**WORK TO BE COMPLETED**
Without including any pictures, copy each entry below exactly.

**DATASET CONTENT**
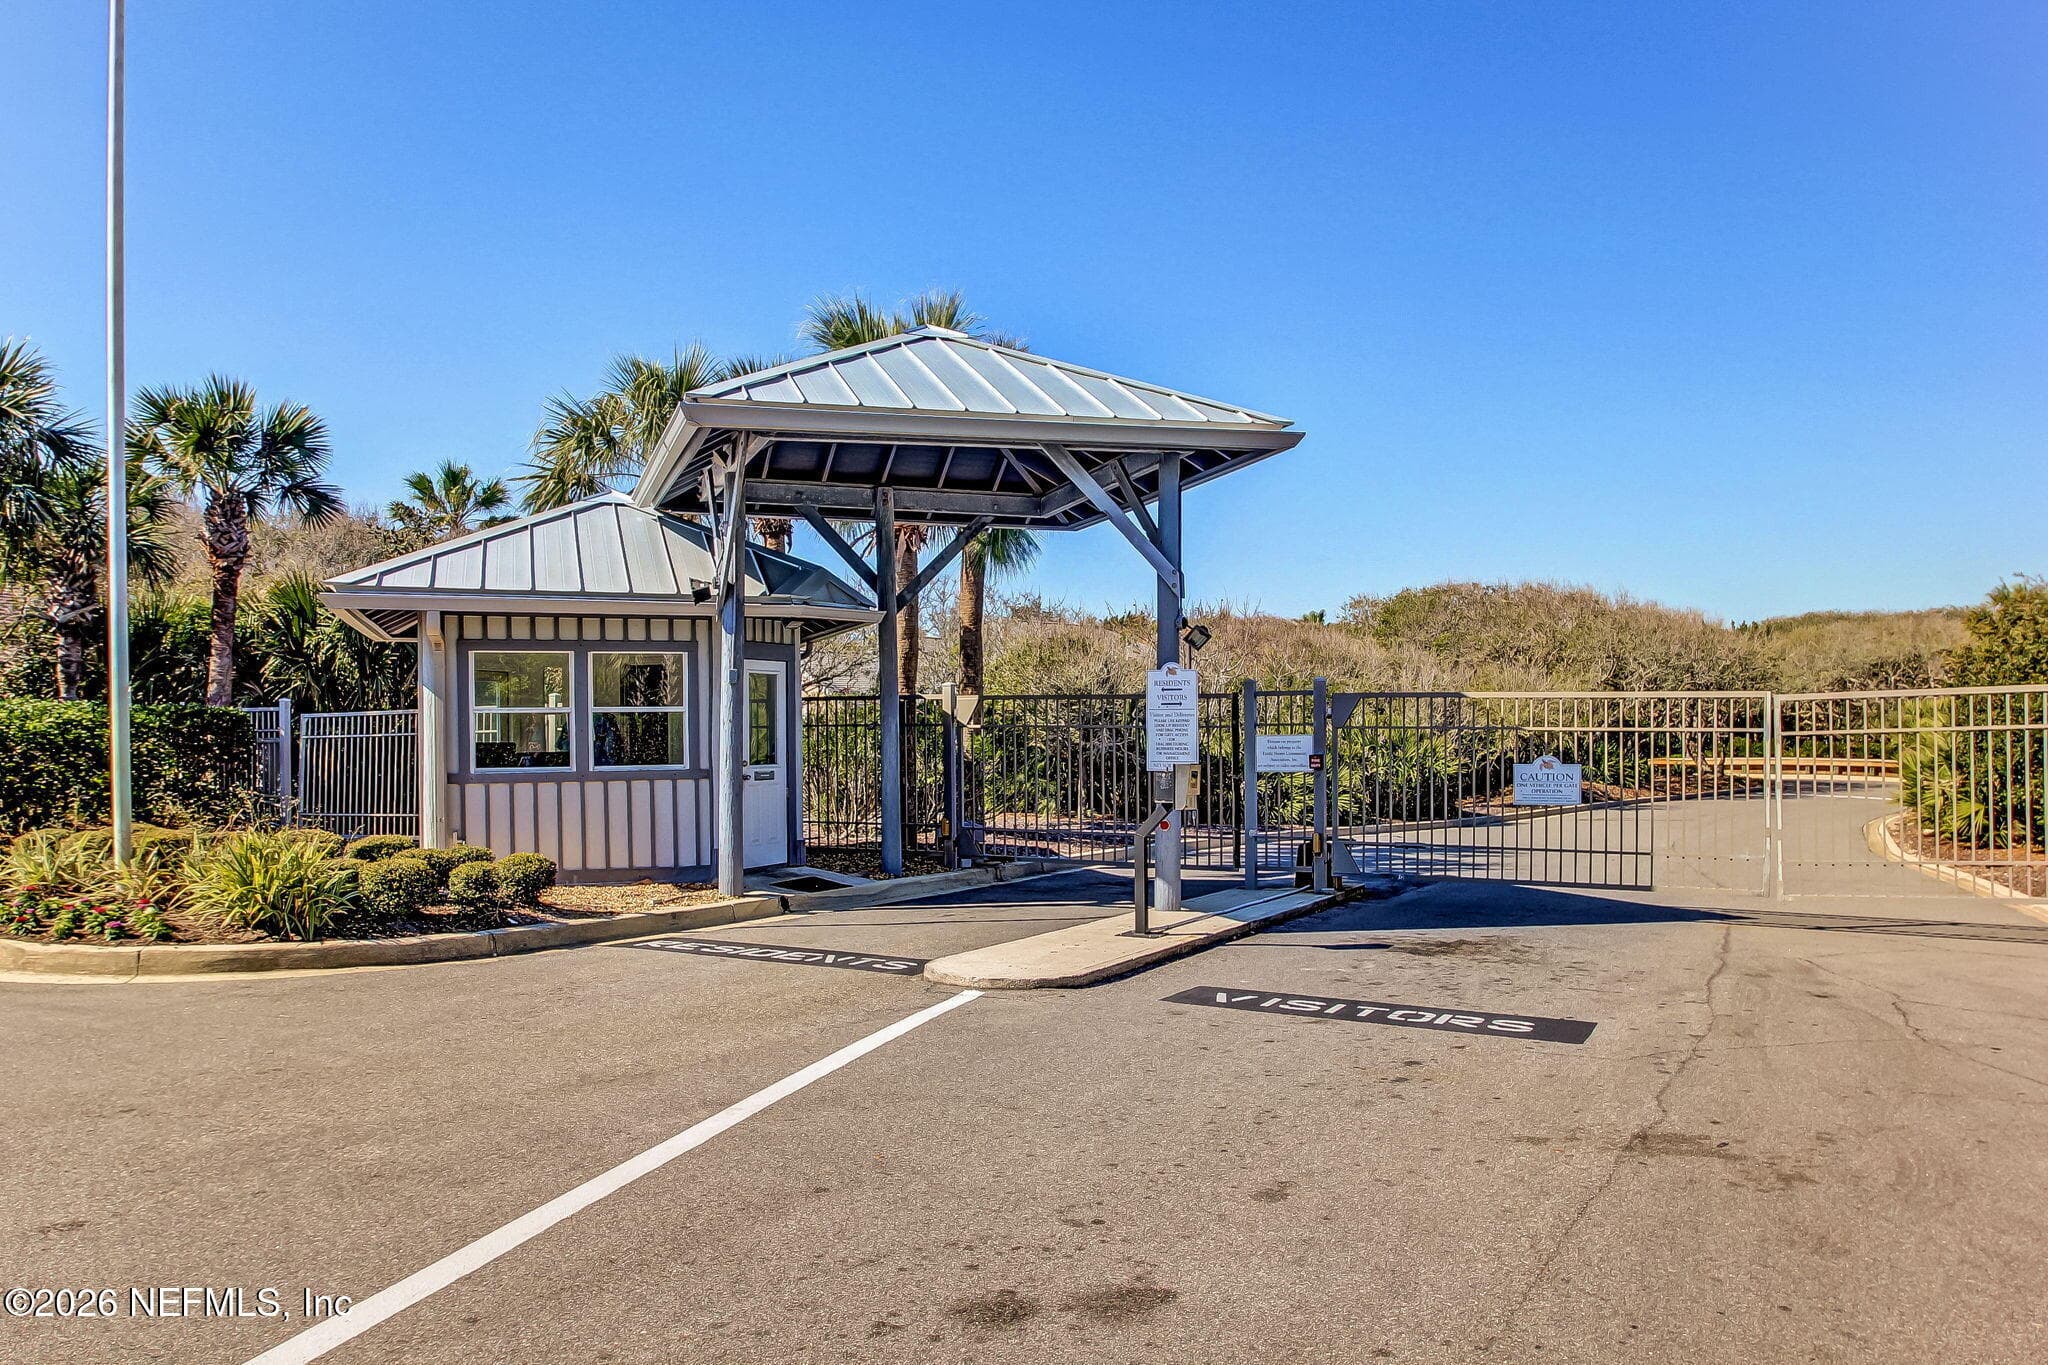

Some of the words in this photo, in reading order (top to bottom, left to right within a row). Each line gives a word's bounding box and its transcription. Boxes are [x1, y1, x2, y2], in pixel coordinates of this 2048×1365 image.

[1153, 679, 1191, 687] RESIDENTS
[1519, 772, 1574, 782] CAUTION
[632, 939, 918, 971] RESIDENTS
[1215, 991, 1537, 1033] VISITORS

**PROBLEM SOLUTION**
Some of the words in this photo, in reading order (top to bottom, left to right within a row). Each line gives a word's bounding box and its transcription. Boxes are [x1, y1, x2, y2], in pixel coordinates of this 2048×1365 image.

[1153, 679, 1191, 687] RESIDENTS
[1519, 772, 1574, 782] CAUTION
[632, 939, 918, 971] RESIDENTS
[1215, 991, 1537, 1033] VISITORS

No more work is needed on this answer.